Everything in the listing below should be repeated verbatim, apart from the pictures.
★ ★ ★ ★ ★
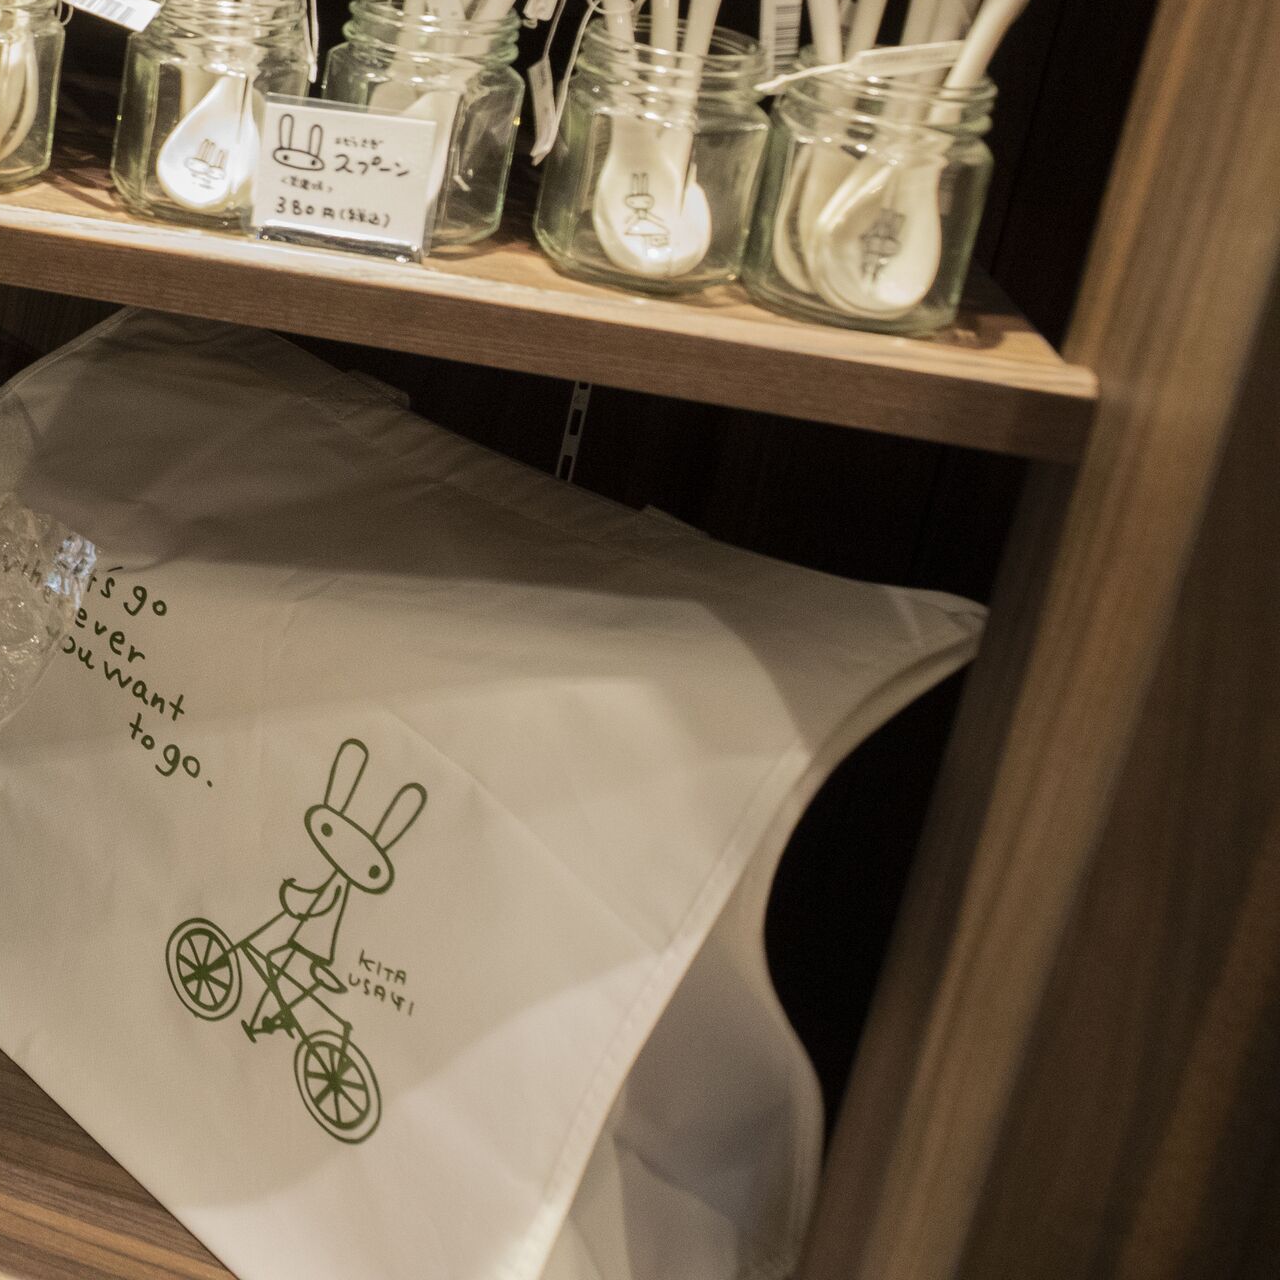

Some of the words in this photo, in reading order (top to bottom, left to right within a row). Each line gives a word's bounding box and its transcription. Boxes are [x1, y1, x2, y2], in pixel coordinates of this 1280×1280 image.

[335, 154, 410, 177] スプーン
[276, 196, 392, 228] 380円(税込)
[123, 585, 167, 616] go
[104, 661, 185, 721] want
[129, 712, 155, 750] to
[155, 744, 213, 788] go.
[359, 949, 406, 986] KITA
[348, 973, 414, 1016] USAGI
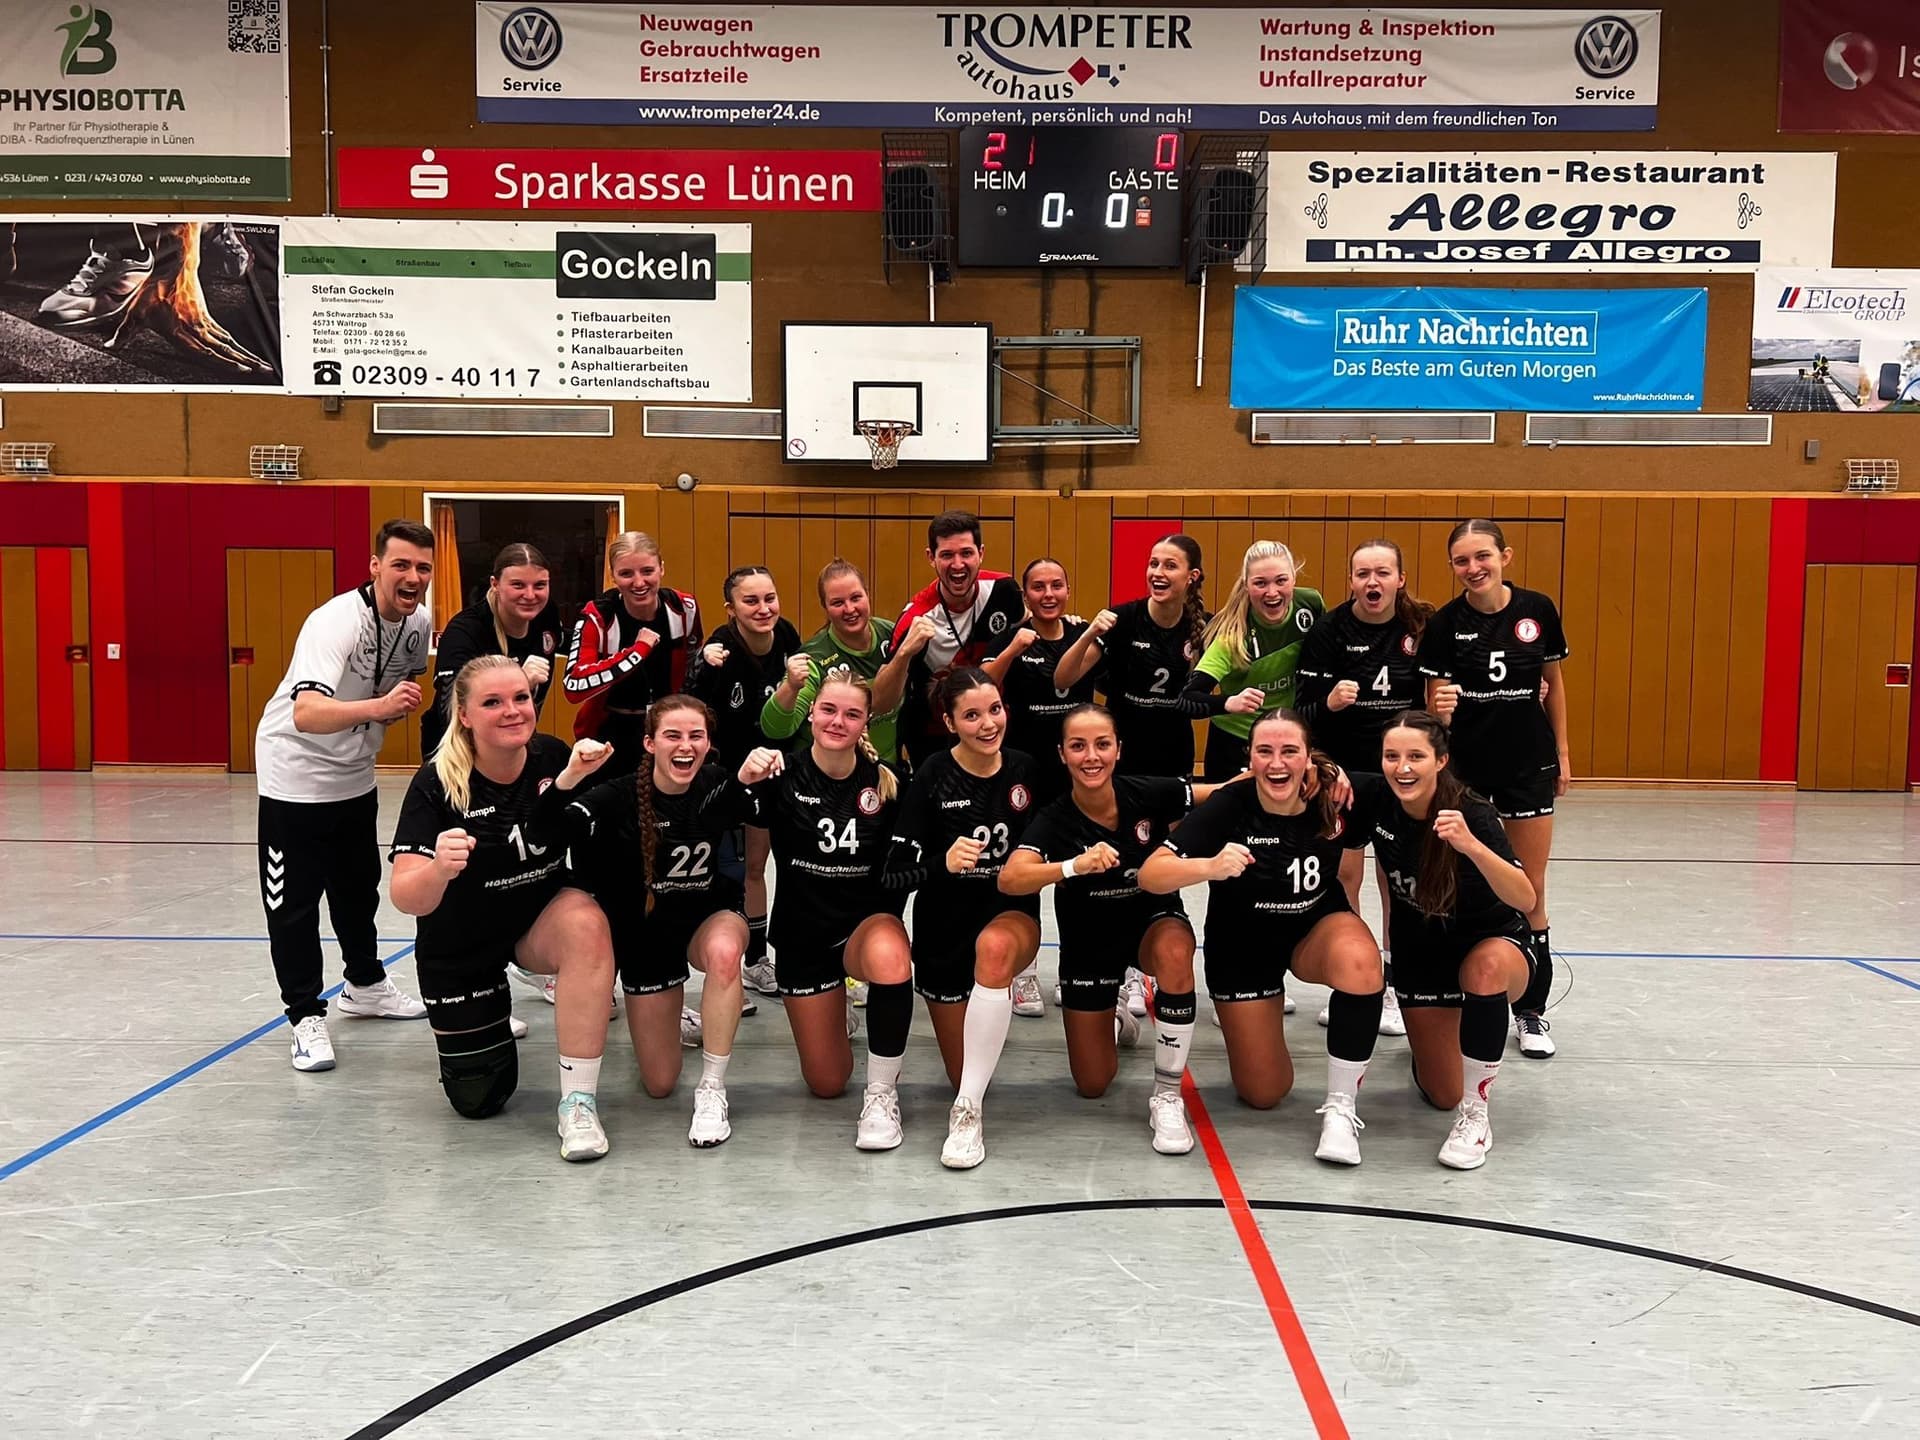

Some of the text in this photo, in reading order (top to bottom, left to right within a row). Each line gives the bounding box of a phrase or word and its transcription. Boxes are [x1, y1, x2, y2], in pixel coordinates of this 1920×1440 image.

[640, 14, 753, 34] Neuwagen
[937, 13, 1192, 49] TROMPETER
[1260, 19, 1496, 40] Wartung & Inspektion
[640, 40, 820, 60] Gebrauchtwagen
[1260, 45, 1422, 66] Instandsetzung
[503, 78, 562, 92] Service
[640, 66, 748, 84] Ersatzteile
[957, 50, 1074, 100] autohaus
[1260, 70, 1426, 92] Unfallreparatur
[0, 89, 185, 111] PHYSIOBOTTA
[1575, 86, 1635, 100] Service
[640, 104, 820, 122] www.trompeter24.de
[935, 107, 1192, 126] Kompetent, persönlich und nah!
[1260, 111, 1558, 126] Das Autohaus mit dem freundlichen Ton
[14, 122, 169, 133] Ihr Partner für Physiotherapie &
[36, 134, 148, 146] Radiofrequenztherapie
[151, 135, 160, 144] in
[163, 135, 194, 144] Lünen
[1154, 134, 1178, 169] 0
[22, 174, 48, 182] Lünen
[64, 174, 86, 182] 0231
[88, 174, 92, 182] /
[95, 174, 118, 182] 4743
[120, 174, 143, 182] 0760
[160, 174, 250, 184] www.physiobotta.de
[495, 164, 706, 208] Sparkasse
[728, 165, 852, 201] Lünen
[974, 171, 1026, 190] HEIM
[1109, 169, 1179, 190] GÄSTE
[1388, 192, 1676, 238] Allegro
[1335, 242, 1730, 262] Inh. Josef Allegro
[561, 249, 712, 280] Gockeln
[312, 284, 394, 296] Stefan Gockeln
[1803, 290, 1905, 310] Elcotech
[571, 312, 671, 323] Tiefbauarbeiten
[1854, 310, 1906, 320] GROUP
[571, 328, 673, 340] Pflasterarbeiten
[1342, 317, 1588, 348] Ruhr Nachrichten
[571, 344, 684, 356] Kanalbauarbeiten
[570, 360, 688, 373] Asphaltierarbeiten
[1333, 359, 1597, 382] Das Beste am Guten Morgen
[352, 366, 428, 385] 02309
[451, 368, 480, 386] 40
[490, 368, 514, 387] 11
[528, 368, 541, 388] 7
[570, 376, 710, 388] Gartenlandschaftsbau
[1593, 392, 1694, 400] www.RuhrNachrichten.de
[1488, 651, 1506, 682] 5
[1150, 668, 1170, 694] 2
[1372, 666, 1391, 696] 4
[464, 806, 496, 819] Kempa
[818, 818, 860, 854] 34
[973, 822, 1009, 860] 23
[1247, 836, 1280, 845] Kempa
[667, 842, 711, 878] 22
[1286, 856, 1320, 894] 18
★ ★ ★ ★ ★
- [Exercise result]
Some of the words in this photo, in reading order (top to bottom, left to right within a row). Each line gives a word's bounding box and its transcription. Boxes are [x1, y1, x2, y2], in pixel coordinates of this 1280×1280 image.

[335, 154, 410, 177] スプーン
[276, 196, 392, 228] 380円(税込)
[123, 585, 167, 616] go
[104, 661, 185, 721] want
[129, 712, 155, 750] to
[155, 744, 213, 788] go.
[359, 949, 406, 986] KITA
[348, 973, 414, 1016] USAGI

Some of the text in this photo, in reading order (top to bottom, left to right within a row). Each line gives the bounding box of a phrase or word and its transcription. Boxes are [x1, y1, x2, y2], in pixel coordinates of this 1920×1440 image.

[640, 14, 753, 34] Neuwagen
[937, 13, 1192, 49] TROMPETER
[1260, 19, 1496, 40] Wartung & Inspektion
[640, 40, 820, 60] Gebrauchtwagen
[1260, 45, 1422, 66] Instandsetzung
[503, 78, 562, 92] Service
[640, 66, 748, 84] Ersatzteile
[957, 50, 1074, 100] autohaus
[1260, 70, 1426, 92] Unfallreparatur
[0, 89, 185, 111] PHYSIOBOTTA
[1575, 86, 1635, 100] Service
[640, 104, 820, 122] www.trompeter24.de
[935, 107, 1192, 126] Kompetent, persönlich und nah!
[1260, 111, 1558, 126] Das Autohaus mit dem freundlichen Ton
[14, 122, 169, 133] Ihr Partner für Physiotherapie &
[36, 134, 148, 146] Radiofrequenztherapie
[151, 135, 160, 144] in
[163, 135, 194, 144] Lünen
[1154, 134, 1178, 169] 0
[22, 174, 48, 182] Lünen
[64, 174, 86, 182] 0231
[88, 174, 92, 182] /
[95, 174, 118, 182] 4743
[120, 174, 143, 182] 0760
[160, 174, 250, 184] www.physiobotta.de
[495, 164, 706, 208] Sparkasse
[728, 165, 852, 201] Lünen
[974, 171, 1026, 190] HEIM
[1109, 169, 1179, 190] GÄSTE
[1388, 192, 1676, 238] Allegro
[1335, 242, 1730, 262] Inh. Josef Allegro
[561, 249, 712, 280] Gockeln
[312, 284, 394, 296] Stefan Gockeln
[1803, 290, 1905, 310] Elcotech
[571, 312, 671, 323] Tiefbauarbeiten
[1854, 310, 1906, 320] GROUP
[571, 328, 673, 340] Pflasterarbeiten
[1342, 317, 1588, 348] Ruhr Nachrichten
[571, 344, 684, 356] Kanalbauarbeiten
[570, 360, 688, 373] Asphaltierarbeiten
[1333, 359, 1597, 382] Das Beste am Guten Morgen
[352, 366, 428, 385] 02309
[451, 368, 480, 386] 40
[490, 368, 514, 387] 11
[528, 368, 541, 388] 7
[570, 376, 710, 388] Gartenlandschaftsbau
[1593, 392, 1694, 400] www.RuhrNachrichten.de
[1488, 651, 1506, 682] 5
[1150, 668, 1170, 694] 2
[1372, 666, 1391, 696] 4
[464, 806, 496, 819] Kempa
[818, 818, 860, 854] 34
[973, 822, 1009, 860] 23
[1247, 836, 1280, 845] Kempa
[667, 842, 711, 878] 22
[1286, 856, 1320, 894] 18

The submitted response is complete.